View full image. A conceptual graphic that does not represent final design. The sidewalks and gutter are unchanged. The sidewalks are 4.5 feet wide. The gutters are 1.5 feet wide. The southbound bike lane width is unchanged at 3.5 feet (5 feet inclusive of gutter) and a painted 2-feet-wide buffer will be added. The two vehicle travel lanes will total 20 feet in width, without a centerline, instead of the existing 22-feet total width. The proposed northbound bike lane will be 6 feet instead of 5 feet. The parking lane will be 7 feet wide instead of 8 feet wide, inclusive of gutter.

The anticipated timeline may change.

  1. Late fall 2023 to January 2024: Sidewalk, curb and gutter repairs; Ramp upgrades to meet Americans with Disabilities Act (ADA) standards.
  2. January to March: Community engagement for mobility enhancements.
  3. Week of March 18: Pre-construction activities, such as no-parking-anytime signage for construction and temporary striping layout.
  4. Week of March 25: Concrete construction activities in preparation for north and south end improvements; splitter island install.
  5. Week of April 1: Completion of concrete construction activities.
  6. May: Repaving, restriping, and installation of speed cushions and remaining signage.

2024 Mobility Enhancements: East Baseline Road

The city will repave east Baseline Road between Foothills Parkway and Gapter Road in summer 2024 as part of the Pavement Management Program (PMP). Mobility enhancements will be coordinated with repaving as a cost-effective and efficient way to make the street safer for people walking, biking, rolling, driving and taking transit.

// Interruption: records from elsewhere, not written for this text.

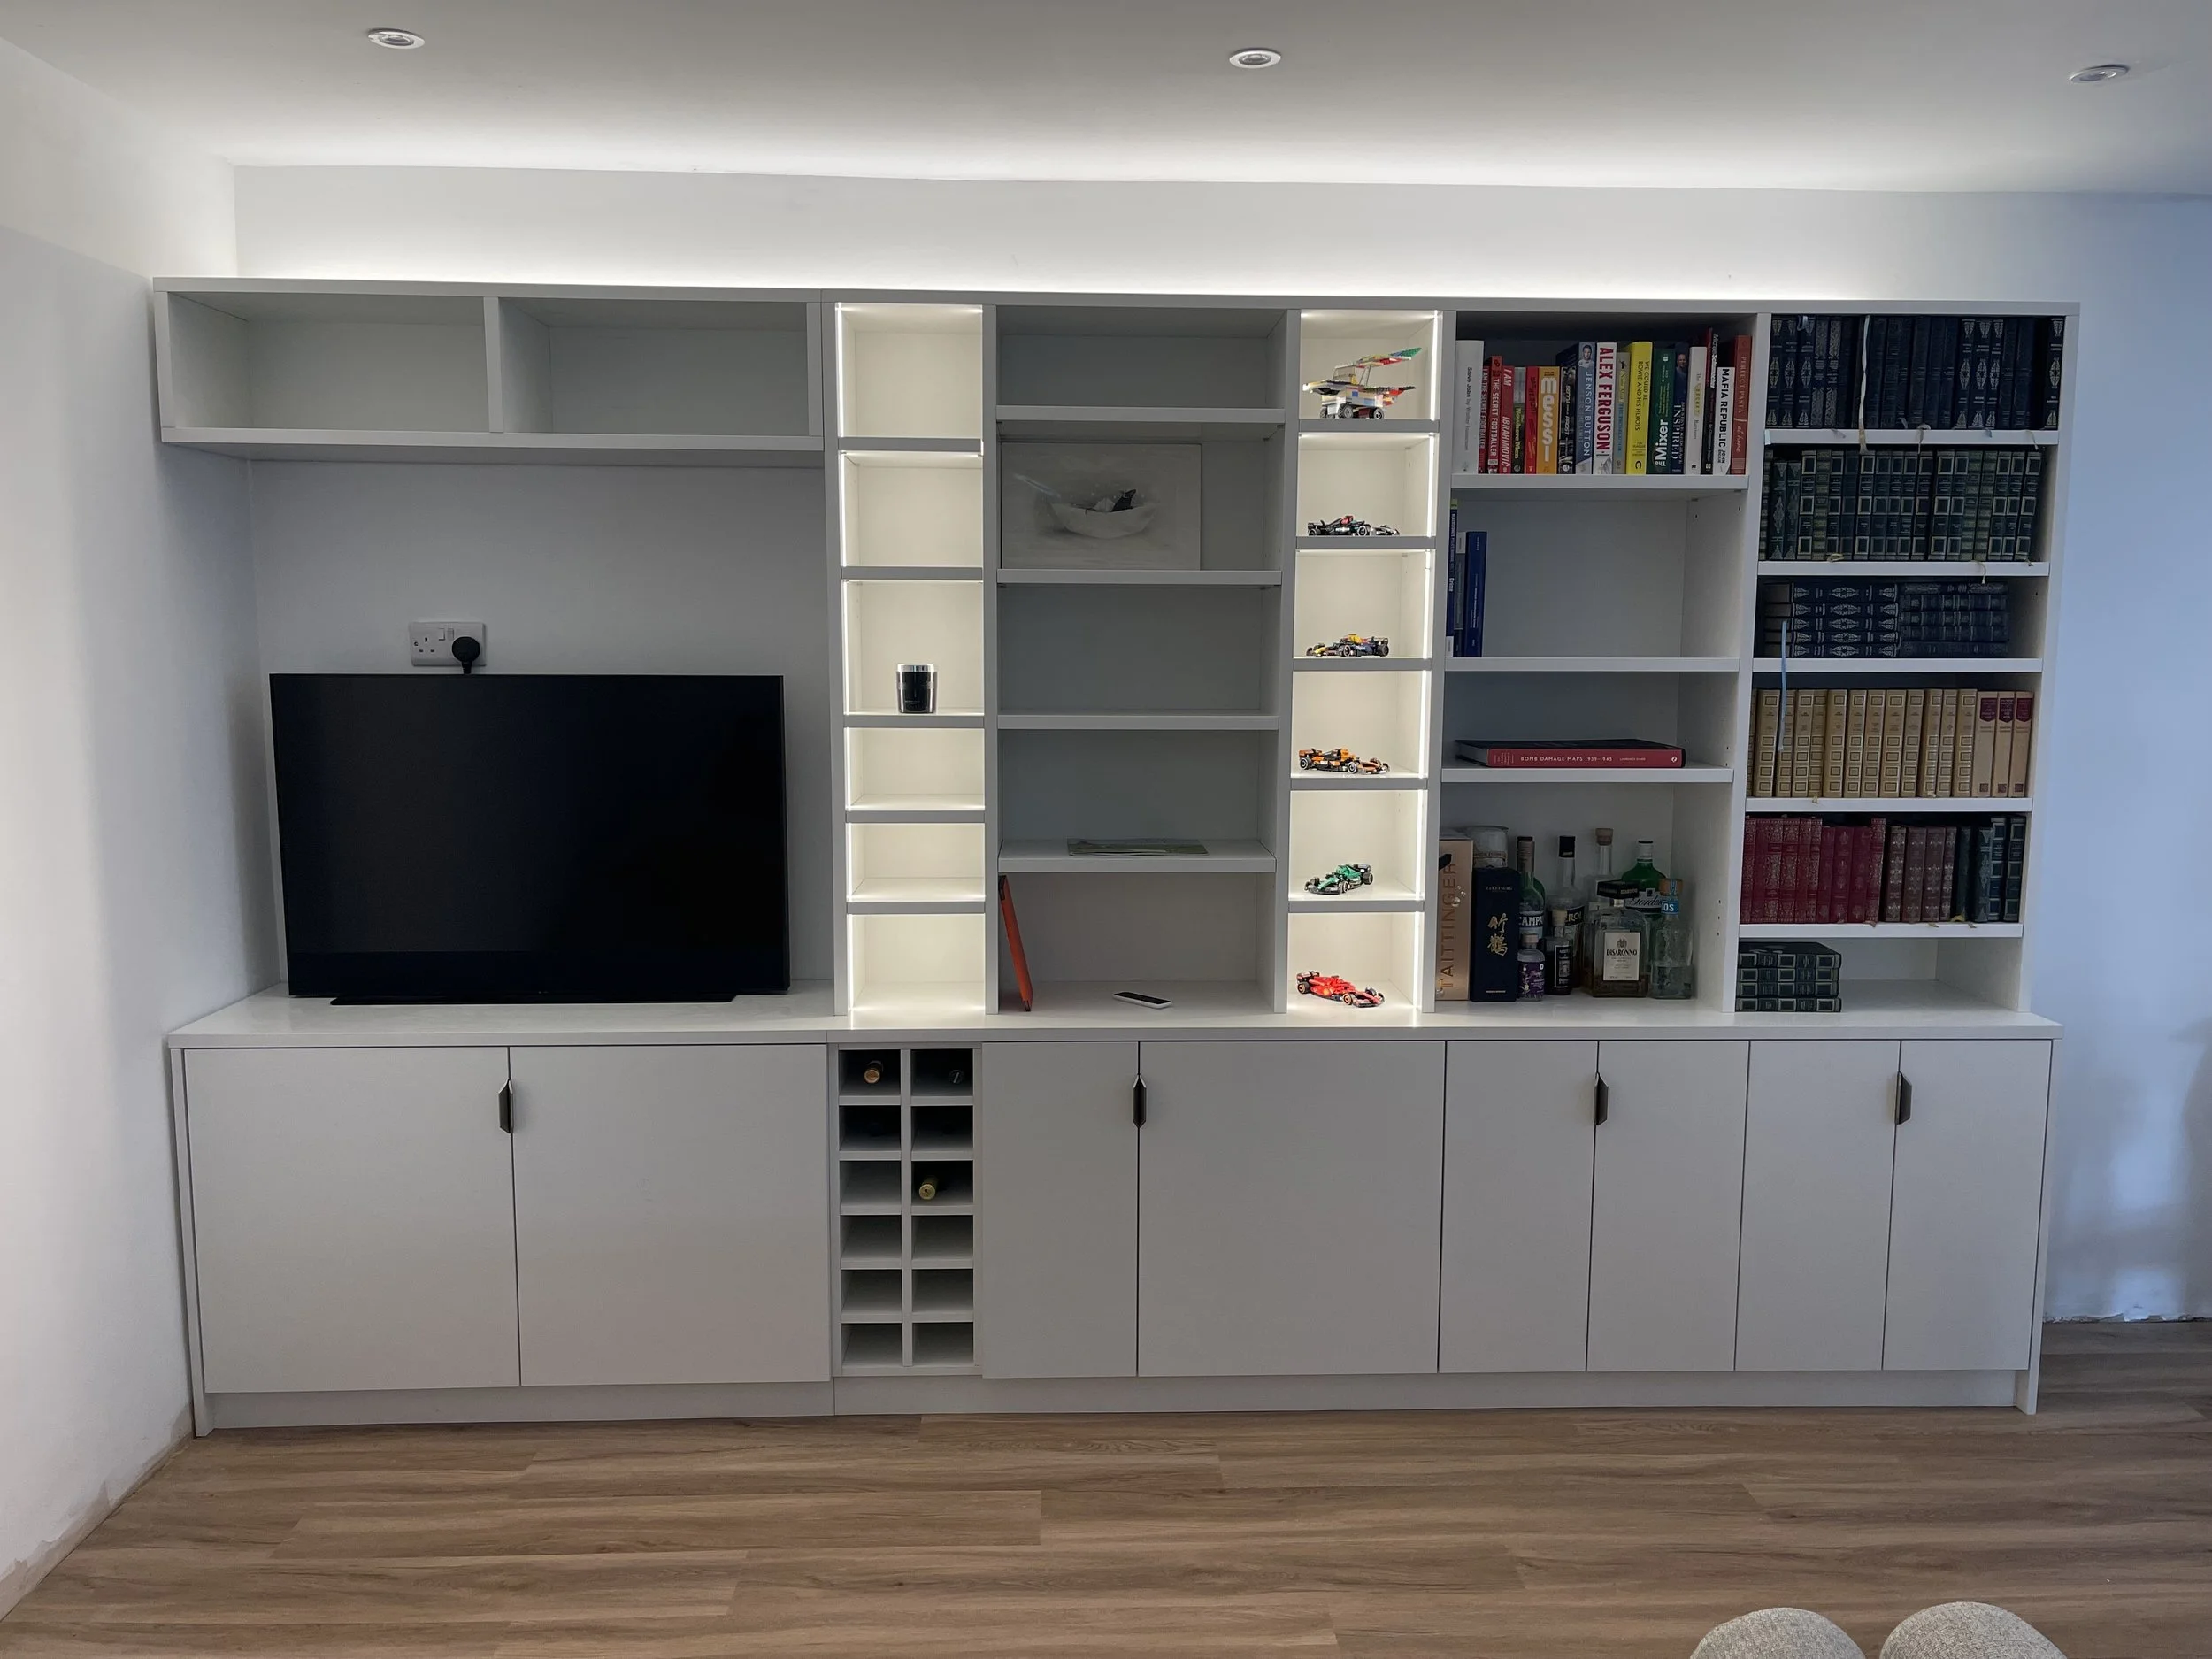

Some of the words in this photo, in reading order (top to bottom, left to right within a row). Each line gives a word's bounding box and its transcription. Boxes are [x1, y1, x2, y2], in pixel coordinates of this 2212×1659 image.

[1503, 374, 1511, 386] AM
[1599, 348, 1614, 379] ALEX
[1644, 361, 1649, 370] WE
[1720, 368, 1730, 398] MAFIA
[1596, 384, 1612, 450] FERGUSON
[1671, 404, 1681, 459] INSPIRED
[1718, 401, 1728, 448] REPUBLIC
[1502, 416, 1510, 467] IBRAHIMOVIĆ
[1655, 419, 1668, 461] Mixer
[1440, 863, 1456, 988] TAITTINGER

More information coming soon.

Past Mobility Enhancement Projects

Past projects will be uploaded to the new Pavement Management Program Map.

Whitter Neighborhood

This work implemented the city’s Low Stress Walk and Bike Network plan recommendations for Balsam Avenue and Edgewood Drive. The plan identifies buffered bike lanes to build a network of low-stress facilities to help people of all ages and abilities walk and bike safely and comfortably throughout the area.

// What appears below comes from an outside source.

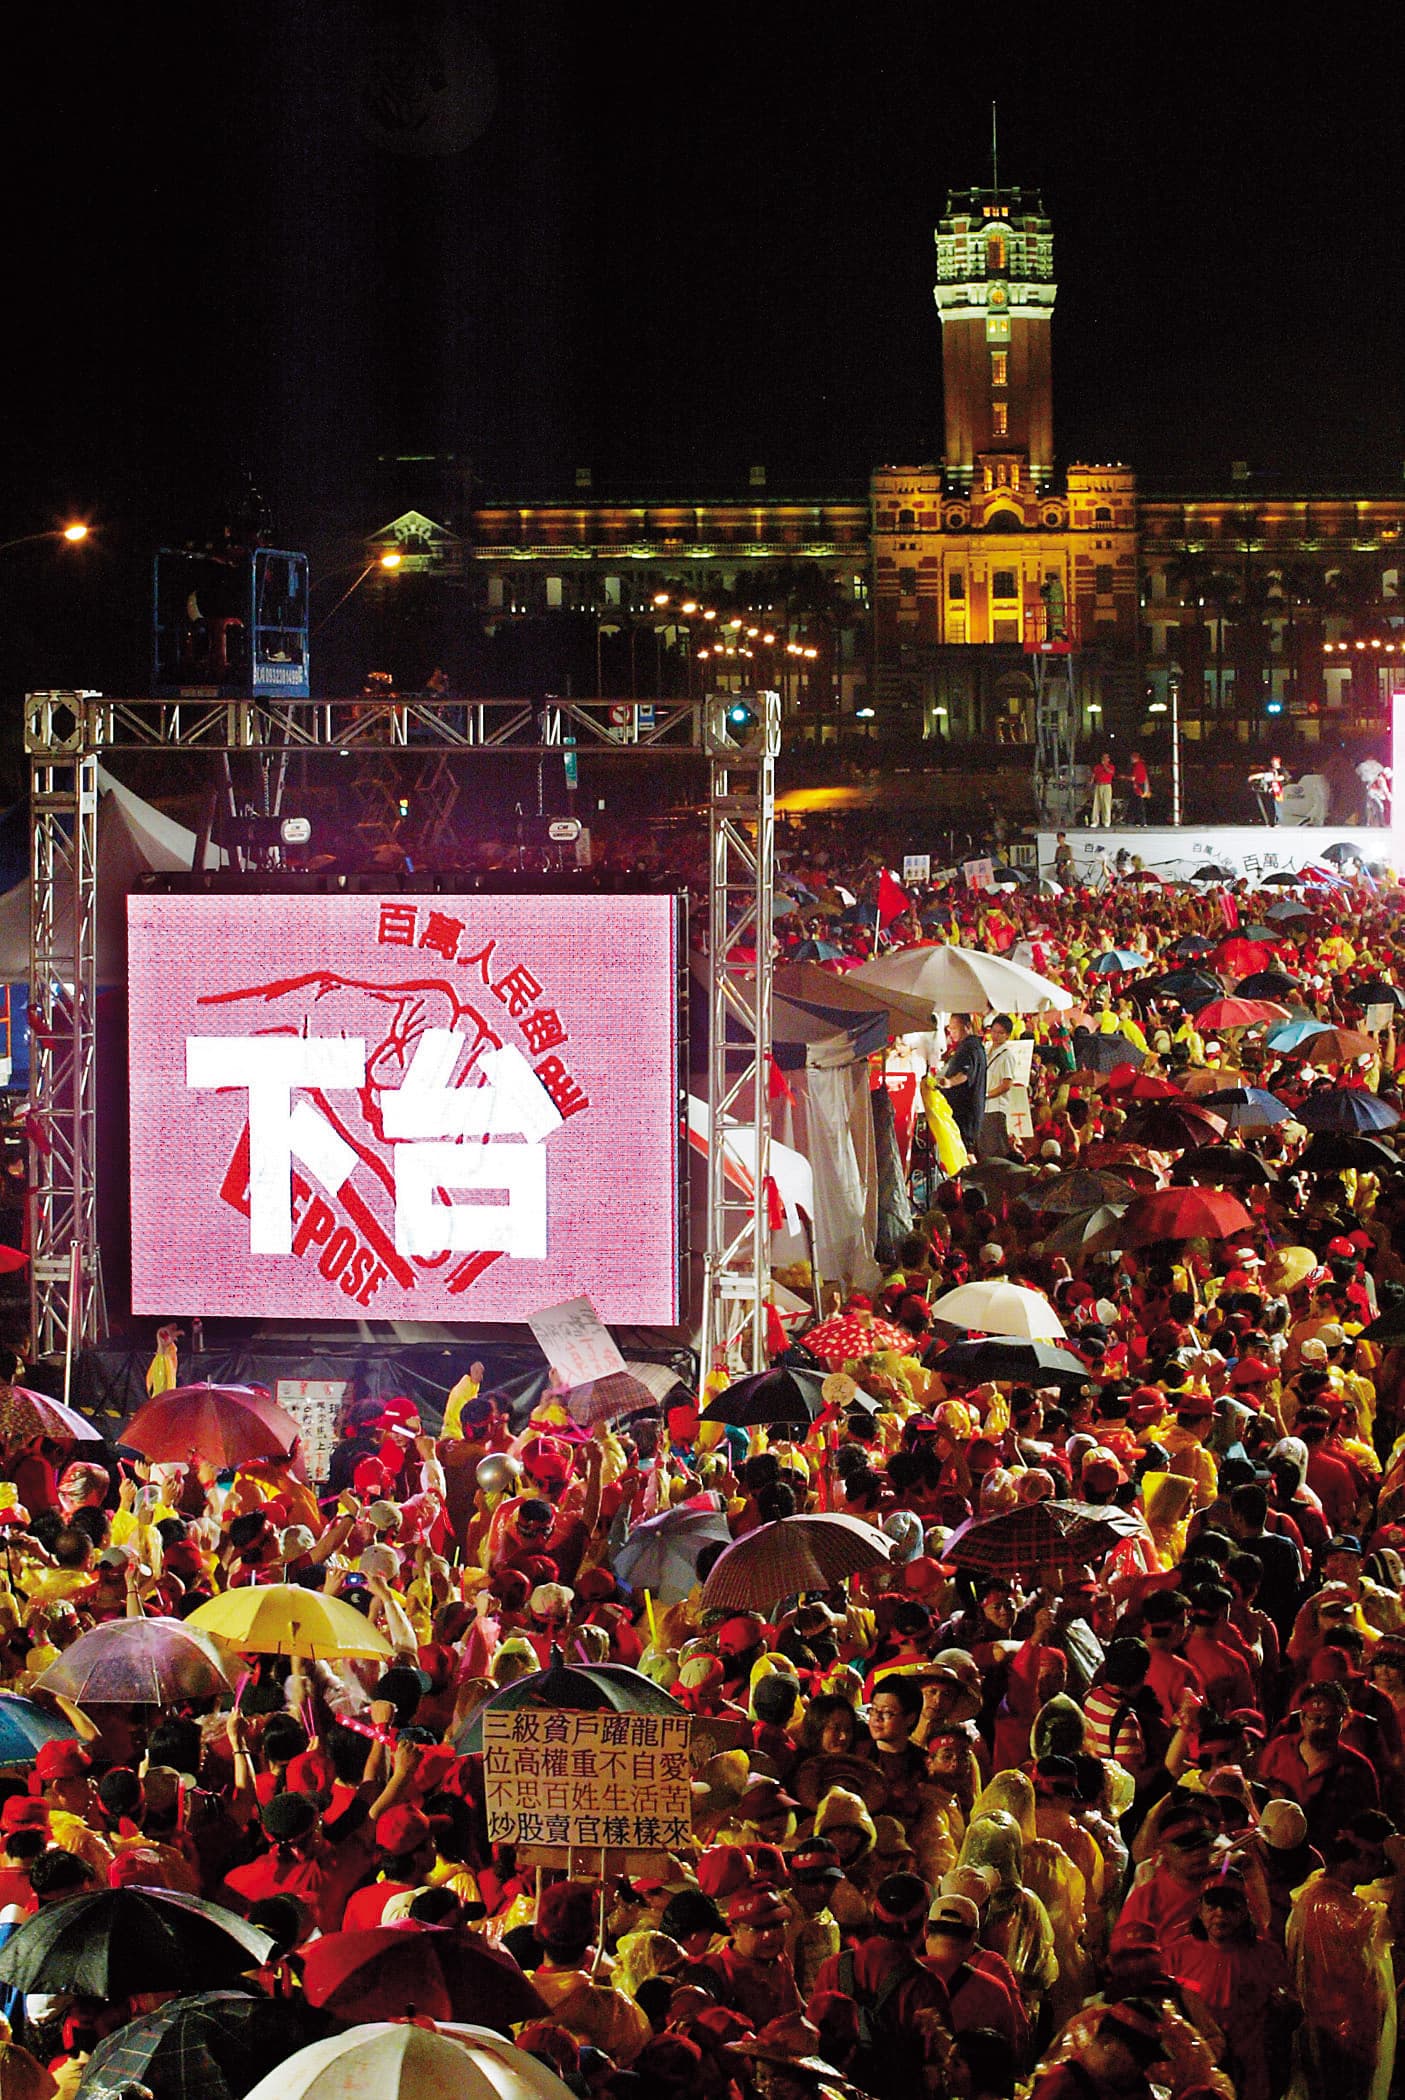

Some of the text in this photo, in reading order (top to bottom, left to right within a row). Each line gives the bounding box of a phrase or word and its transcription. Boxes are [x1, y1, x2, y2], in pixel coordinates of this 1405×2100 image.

  • The project impacted Balsam Avenue from 9th to 19th streets and Edgewood Avenue from 19th Street to Folsom Avenue
  • This area was repaved and restriped. The on-street bike lanes were also be enhanced.
    • The westbound bike lane, from east of Broadway to 24th Street has a two-foot buffer, to provide greater separation between people biking and vehicles, while retaining the on-street parking lane on the south side of the road
    • The eastbound and westbound bike lanes, between 9th Street and Folsom Avenue, has bike markings added to provide greater visibility
    • Vehicle travel lanes are 10 ft wide to help slow vehicle speeds

Lehigh Street

  • Pedestrian crossing and intersection safety improvements near Mesa Elementary
  • Installation of a paved multi-use path through Bear Creek Park connecting Lehigh and Bear Creek Elementary
  • Resurfacing of Lehigh/Greenbriar between Table Mesa and east of Galena/Redstone
  • Removal of the center turn lane between Table Mesa Drive and Cragmoor Road to add a buffer and provide more separation between bike lanes and vehicle travel lanes

17th Street

  • Resurfacing of 17th Street from Pearl Street to Macky Drive
  • Two-stage left-turn queue boxes for making left turns onto Walnut Street from 17th Street, including “no right turn on red” signs for drivers
  • Green pavement markings to increase the visibility of bike paths on Canyon Boulevard and Arapahoe Avenue
  • A new bike lane segment southbound from Pearl Street to Walnut Street
  • Newly restriped bike lanes and crosswalks between Pearl Street and Macky Drive

Folsom Street (Valmont Avenue to Pine Street)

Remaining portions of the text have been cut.